Crianças amam brincar, e além de ser um momento divertido, a brincadeira é um exercício de aprendizado. “Brincar proporciona vivências e conhecimento, e pode ser em qualquer lugar. Brincar além de ser prazeroso é essencialmente pedagógico. É dar a criança a oportunidade de aprender usando todos os sentidos, por isso valorizamos tanto o brincar, é um direito fundamental de toda criança”, afirma Roseli Olher, Supervisora do Atendimento Educacional Especializado do Instituto Jô Clemente (antiga APAE de São Paulo).

Os jogos e atividades desenvolvem, de forma lúdica, a inteligência emocional, o raciocínio lógico, a autonomia, o respeito ao colega, a sociabilidade e a autoconfiança. “A criança brincando aprende a enfrentar seus medos, suas limitações, regras e limites. Brincar é um dos principais meios de aprendizagem da criança e permite o desenvolvimento da coordenação motora ampla, da coordenação motora fina, desenvolve a comunicação, habilidades de aspectos sociais e cognitivos e melhora o convívio. Por isso é tão importante à garantia da convivência em escolas comuns. A ludicidade é um assunto que tem conquistado espaços na educação infantil, por ser o brinquedo a essência da infância e seu uso permitir um trabalho pedagógico que possibilita a produção do conhecimento da aprendizagem. A proposta do brincar dentro das escolas e na educação infantil é o aprender com o outro. Todos nós aprendemos brincando”, completa Roseli.

Cada fase, uma brincadeira

Cada fase da infância tem uma atividade ideal para o desenvolvimento motor e o aprendizado. Oferecer a brincadeira certa para a idade vai garantir aquelas gargalhadas tão boas de ouvir.

Bebê

O bebê desenvolve os sentidos brincando com as mãos e pés e, com o passar da idade, sons, texturas, cores e formatos vão chamar sua atenção. A diversão virá com mordedores e brinquedos que ele pode agarrar e manusear.
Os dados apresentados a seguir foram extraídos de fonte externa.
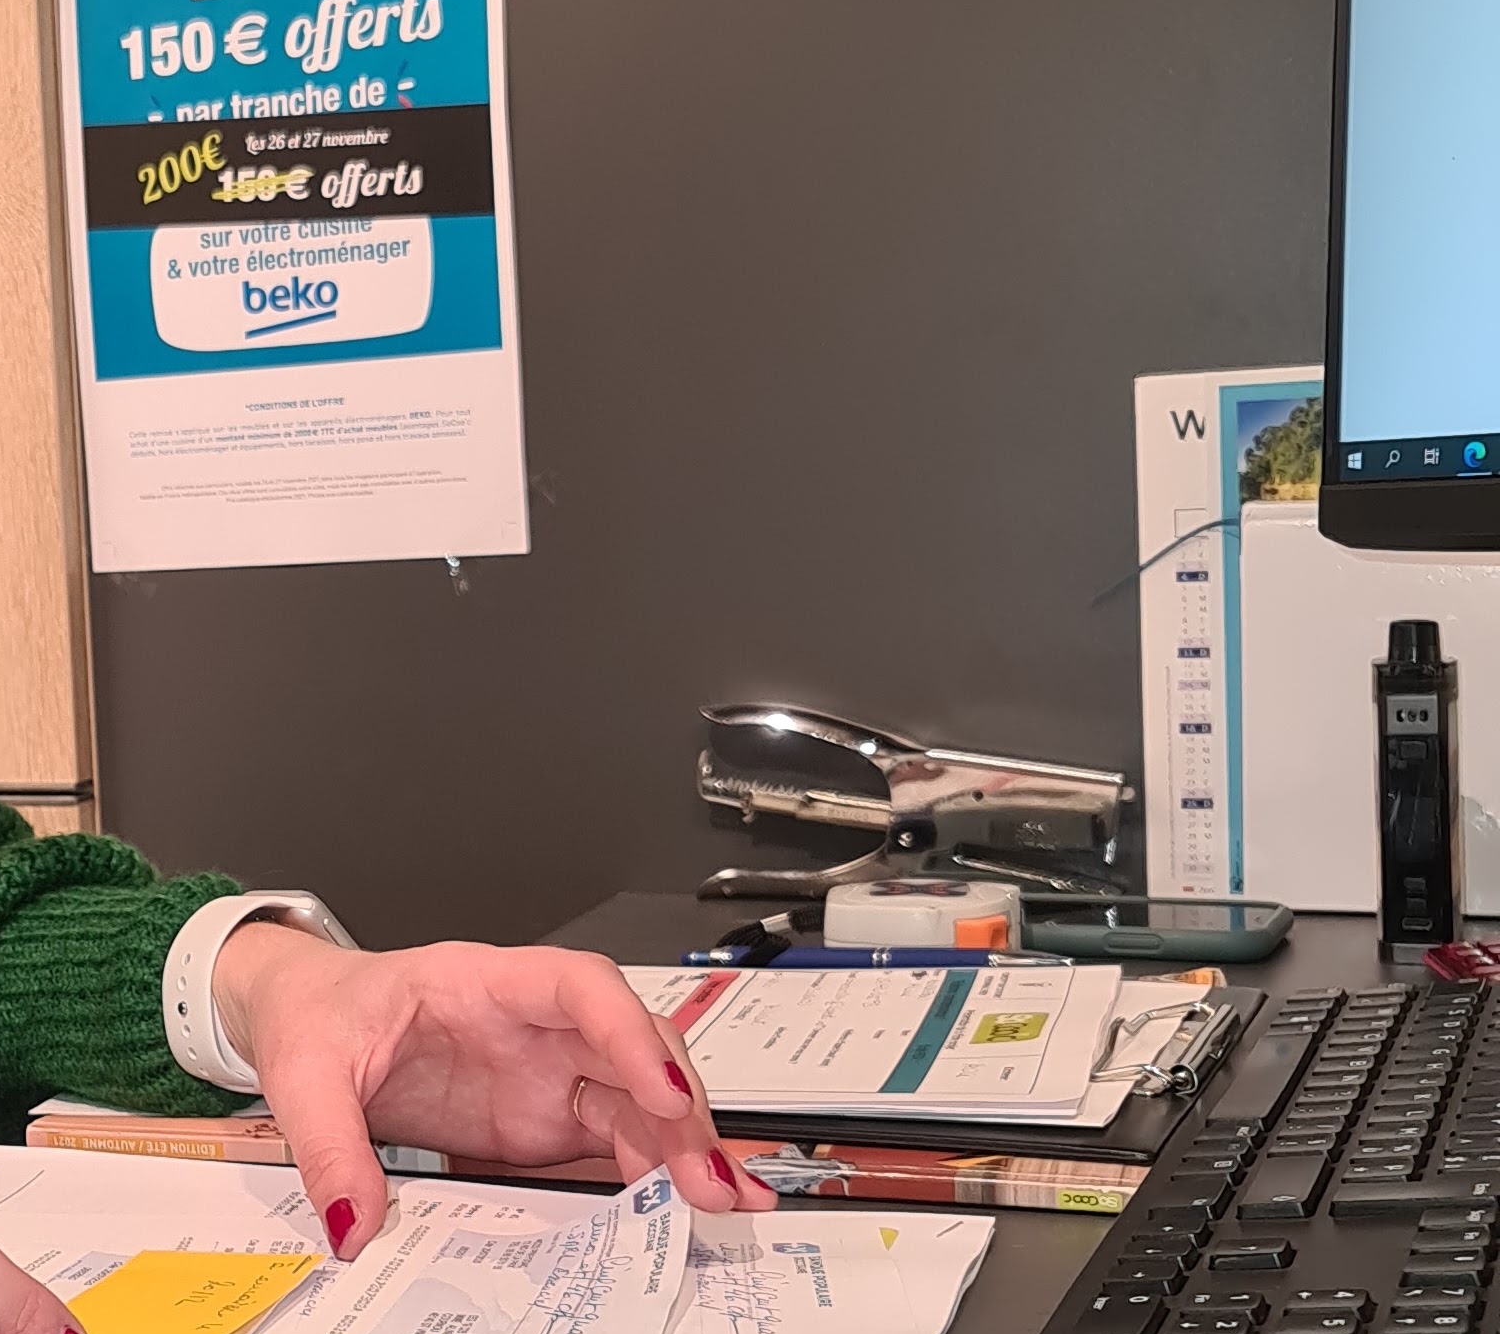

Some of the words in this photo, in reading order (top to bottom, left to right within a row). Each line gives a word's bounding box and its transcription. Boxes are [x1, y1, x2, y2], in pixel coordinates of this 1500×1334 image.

[120, 18, 215, 81] 150
[224, 14, 267, 64] €
[231, 81, 341, 120] tranche
[350, 75, 385, 108] de
[245, 133, 265, 154] Les
[267, 133, 286, 152] 26
[288, 133, 301, 149] et
[303, 131, 321, 149] 27
[322, 127, 389, 148] novembre
[321, 159, 423, 208] offerts
[200, 230, 232, 250] sur
[238, 223, 291, 245] votre
[298, 219, 372, 240] cuisine
[167, 259, 182, 279] &
[188, 255, 240, 278] votre
[246, 237, 410, 274] électroménager
[242, 276, 339, 314] beko
[53, 1137, 76, 1147] 2021
[83, 1138, 136, 1150] AUTOMNE
Um pouco maior, com quase 10 meses, brinquedos que emitem sons e opções de encaixar são boas opções para estimular os sentidos. Nessa idade também pode oferecer cubos de empilhar, tapetes com sons e livrinhos de pano ou próprios para a área do banho com figuras grandes.

Hora de engatinhar

A criança começa a engatinhar entre os 10 meses e 1 ano e descobre o mundo à sua volta. As músicas o ajudam a reconhecer seu corpo com a dança, por isso, inclua nas brincadeiras sons e brinquedos que permitem o vai e vem, como cavalinhos.

Pequenos passos

Quando a criança já está andando é preciso trabalhar o equilíbrio e a coordenação e, para essa fase, brinquedos com rodinha, que elas podem empurrar, vão dar a noção de espaço e peso, assim como os blocos de montar, que mostram formatos e tamanhos.

Fase da coordenação motora

Entre os 2 e 3 anos, a criança precisa de brincadeiras que pedem mais coordenação motora, como montar quebra-cabeça com peças grandes e simples, cubos que formam imagens e pedalar no triciclo. O refazer se tornará uma alegria, por isso, escolha atividades de desmontar e bonecas que trocam de roupa. Cuidado com peças pequenas e aproveite para brincar junto e fortalecer os laços com os pequenos.
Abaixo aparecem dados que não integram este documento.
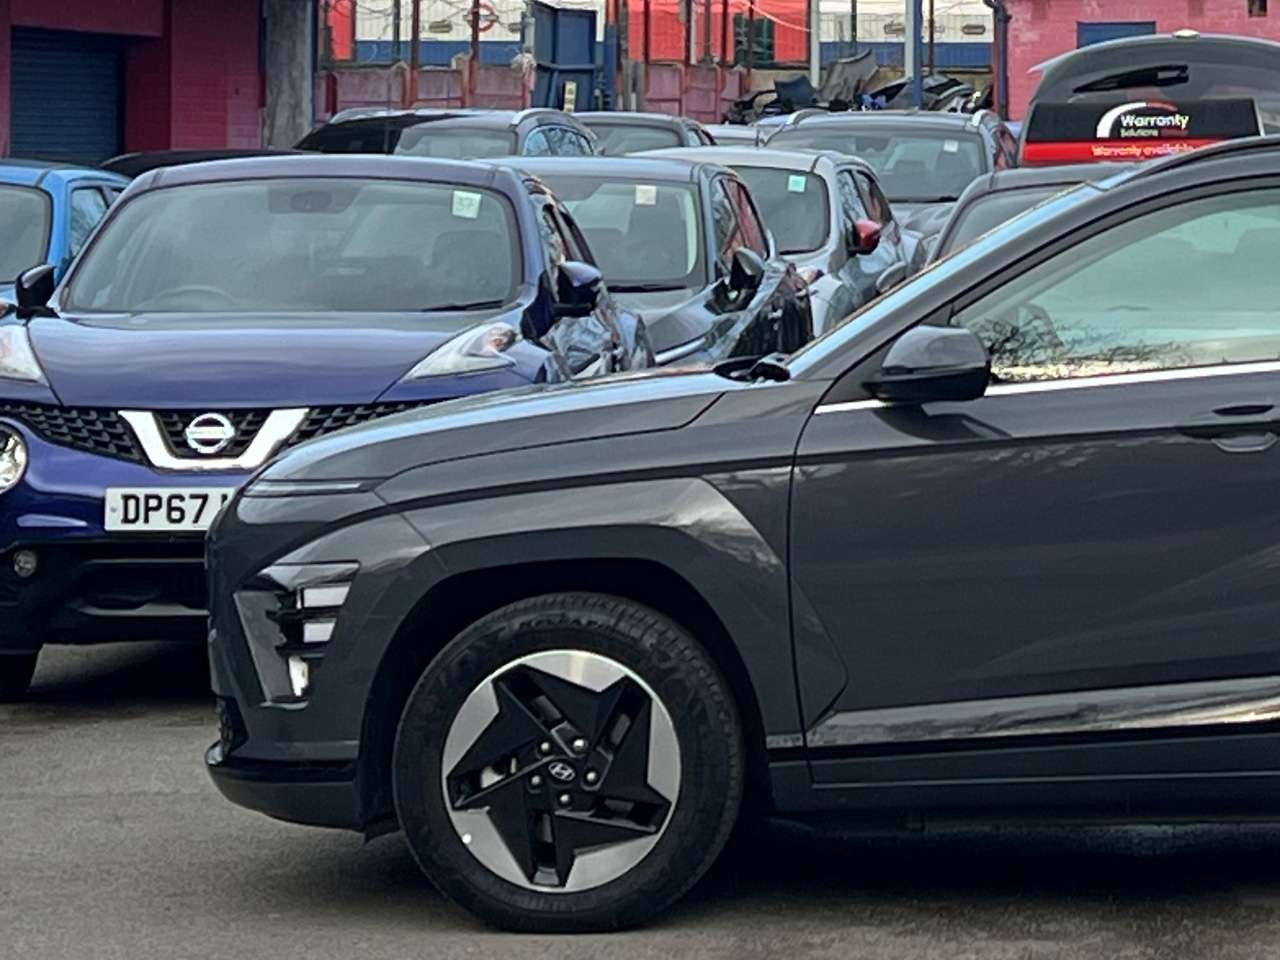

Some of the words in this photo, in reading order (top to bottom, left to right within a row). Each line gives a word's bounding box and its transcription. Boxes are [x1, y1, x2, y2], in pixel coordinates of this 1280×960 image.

[1120, 113, 1190, 130] Warranty
[1092, 145, 1142, 156] Warranty
[120, 493, 209, 525] DP67
Massinha, tintas e rabiscos

Dos 3 aos 5 anos a criatividade da criança está em alta, e atividades com massinhas de modelar, tintas, lápis e papel são ideais. Brincar com fantoches e contar histórias e com instrumentos musicais também desenvolvem a imaginação.

Agora já sou grande!

Com 5 ou 6 anos a criança já tem mais autonomia e começa a construir sua personalidade. Passa a escolher roupas e se sente mais livre para decidir algo para si. Atividades que permitem o convívio com as outras crianças desenvolvem a comunicação e o respeito pelo próximo.

Vamos para a escola

A criança gosta do novo, de aprender e fazer descobertas, e a brincadeira é importantíssima para essa fase. Atividades lúdicas ganham mais espaço e criar o próprio brinquedo, como uma pipa ou a cabaninha de dormir vai desenvolver o raciocínio lógico, assim como os jogos de tabuleiro, que trabalham a compreensão, a comunicação, a concentração, a inteligência emocional e o papel de liderança.

Roseli explica que, assim como nas outras fases da vida da criança, os jogos e brinquedos são os mesmos para todas as crianças, mas no caso dos pequenos com deficiência intelectual, talvez seja preciso que o educador flexibilize algumas regras ou simplifique a brincadeira. Assim todos os participantes das brincadeiras vão entender e aprender. “Brincar favorece a inclusão, a interação com o outro, e as escolas de educação infantil favorecem muito essa interação. Permitir a convivência entre crianças com e sem deficiência garante o aprendizado. E todos têm direito a educação!”, finaliza Roseli.